9 octobre 1987, au sens de l'article 9 de cet accord. Toutefois, les stipulations de cet accord n'interdisent pas au préfet, dans l'exercice du pouvoir discrétionnaire dont il dispose sur ce point, d'apprécier, en fonction de l'ensemble des éléments de la situation personnelle de l'intéressé, l'opportunité d'une mesure de régularisation à un ressortissant marocain qui ne remplirait pas les conditions auxquelles est subordonnée la délivrance de plein droit d'un titre de séjour en qualité de salarié.

9. Monsieur A ne justifie d'aucun élément de nature à justifier ne serait-ce que d'un début d'insertion professionnelle.

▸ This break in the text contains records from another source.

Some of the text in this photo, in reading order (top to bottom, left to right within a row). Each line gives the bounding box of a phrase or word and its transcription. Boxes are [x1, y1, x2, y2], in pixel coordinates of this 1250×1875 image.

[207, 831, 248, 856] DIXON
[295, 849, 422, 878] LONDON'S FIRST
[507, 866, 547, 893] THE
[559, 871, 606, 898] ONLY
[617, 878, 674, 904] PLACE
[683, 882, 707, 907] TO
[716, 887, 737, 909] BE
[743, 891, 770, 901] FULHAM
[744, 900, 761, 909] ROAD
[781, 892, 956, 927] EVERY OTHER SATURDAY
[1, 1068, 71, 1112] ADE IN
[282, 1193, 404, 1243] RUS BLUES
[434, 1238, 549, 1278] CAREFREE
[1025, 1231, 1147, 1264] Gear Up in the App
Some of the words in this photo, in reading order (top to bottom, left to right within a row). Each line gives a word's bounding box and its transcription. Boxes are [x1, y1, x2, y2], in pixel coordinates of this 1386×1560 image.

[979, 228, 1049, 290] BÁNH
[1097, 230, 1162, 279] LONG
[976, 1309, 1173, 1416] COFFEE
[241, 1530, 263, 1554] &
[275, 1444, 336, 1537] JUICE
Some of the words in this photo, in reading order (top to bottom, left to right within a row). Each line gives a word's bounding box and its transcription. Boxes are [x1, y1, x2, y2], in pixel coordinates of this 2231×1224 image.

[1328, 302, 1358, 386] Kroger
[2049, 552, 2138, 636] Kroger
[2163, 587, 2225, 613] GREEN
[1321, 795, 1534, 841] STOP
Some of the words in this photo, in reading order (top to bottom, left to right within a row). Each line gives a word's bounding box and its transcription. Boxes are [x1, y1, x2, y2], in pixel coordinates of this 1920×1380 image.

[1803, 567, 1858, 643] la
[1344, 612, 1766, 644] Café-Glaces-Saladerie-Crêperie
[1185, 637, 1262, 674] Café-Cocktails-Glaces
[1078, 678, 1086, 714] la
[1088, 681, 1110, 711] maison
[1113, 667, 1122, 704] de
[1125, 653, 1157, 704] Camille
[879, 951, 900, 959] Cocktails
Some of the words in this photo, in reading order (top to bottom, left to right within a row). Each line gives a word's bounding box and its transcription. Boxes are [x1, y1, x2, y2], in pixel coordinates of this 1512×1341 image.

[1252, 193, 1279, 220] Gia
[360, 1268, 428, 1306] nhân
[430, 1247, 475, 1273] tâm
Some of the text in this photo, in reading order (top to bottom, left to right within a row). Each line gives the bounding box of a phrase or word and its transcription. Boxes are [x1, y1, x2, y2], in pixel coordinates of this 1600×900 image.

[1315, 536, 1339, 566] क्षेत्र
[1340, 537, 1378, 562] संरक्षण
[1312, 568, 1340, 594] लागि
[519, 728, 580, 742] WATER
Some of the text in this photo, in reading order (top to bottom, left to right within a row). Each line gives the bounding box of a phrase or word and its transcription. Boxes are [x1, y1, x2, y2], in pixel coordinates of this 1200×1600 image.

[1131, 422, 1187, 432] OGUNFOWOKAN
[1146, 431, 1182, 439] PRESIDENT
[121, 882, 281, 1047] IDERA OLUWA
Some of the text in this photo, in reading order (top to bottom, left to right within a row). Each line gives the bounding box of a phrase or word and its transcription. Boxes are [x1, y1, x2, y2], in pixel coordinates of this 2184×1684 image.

Les éléments qu'il fait valoir ne constituent par ailleurs pas des motifs exceptionnels ou des circonstances humanitaires justifiant son admission exceptionnelle au séjour. Par suite, en refusant une telle admission, le préfet n'a pas commis d'erreur manifeste d'appréciation sur la situation globale de l'intéressé au regard du large pouvoir dont il dispose en matière de régularisation, et n'a pas méconnu les dispositions précitées de l'article L. 313-14 du code de l'entrée et du séjour des étrangers et du droit d'asile.

10. Il résulte de tout ce qui précède que la requête de M. A doit être rejetée, en toutes ses conclusions.

D E C I D E :

Article 1er : La requête de M. A est rejetée.

Article 2 : Le présent jugement sera notifié à M. D A, à Me Antoine Laplane et au préfet de la Loire-Atlantique.

Délibéré après l'audience du 22 novembre 2023, à laquelle siégeaient :

Mme Rimeu, présidente,

M. Jégard, premier conseiller,

Mme El Mouats St Dizier, conseillère.

Rendu public par mise à disposition au greffe le 13 décembre 2023.

Le rapporteur,

X. JÉGARDLa présidente,

S. RIMEU

La greffière,

A. GOUDOU

La République mande et ordonne au préfet de la Loire-Atlantique en ce qui le concerne ou à tous commissaires de justice à ce requis en ce qui concerne les voies de droit commun contre les parties privées, de pourvoir à l'exécution de la présente décision.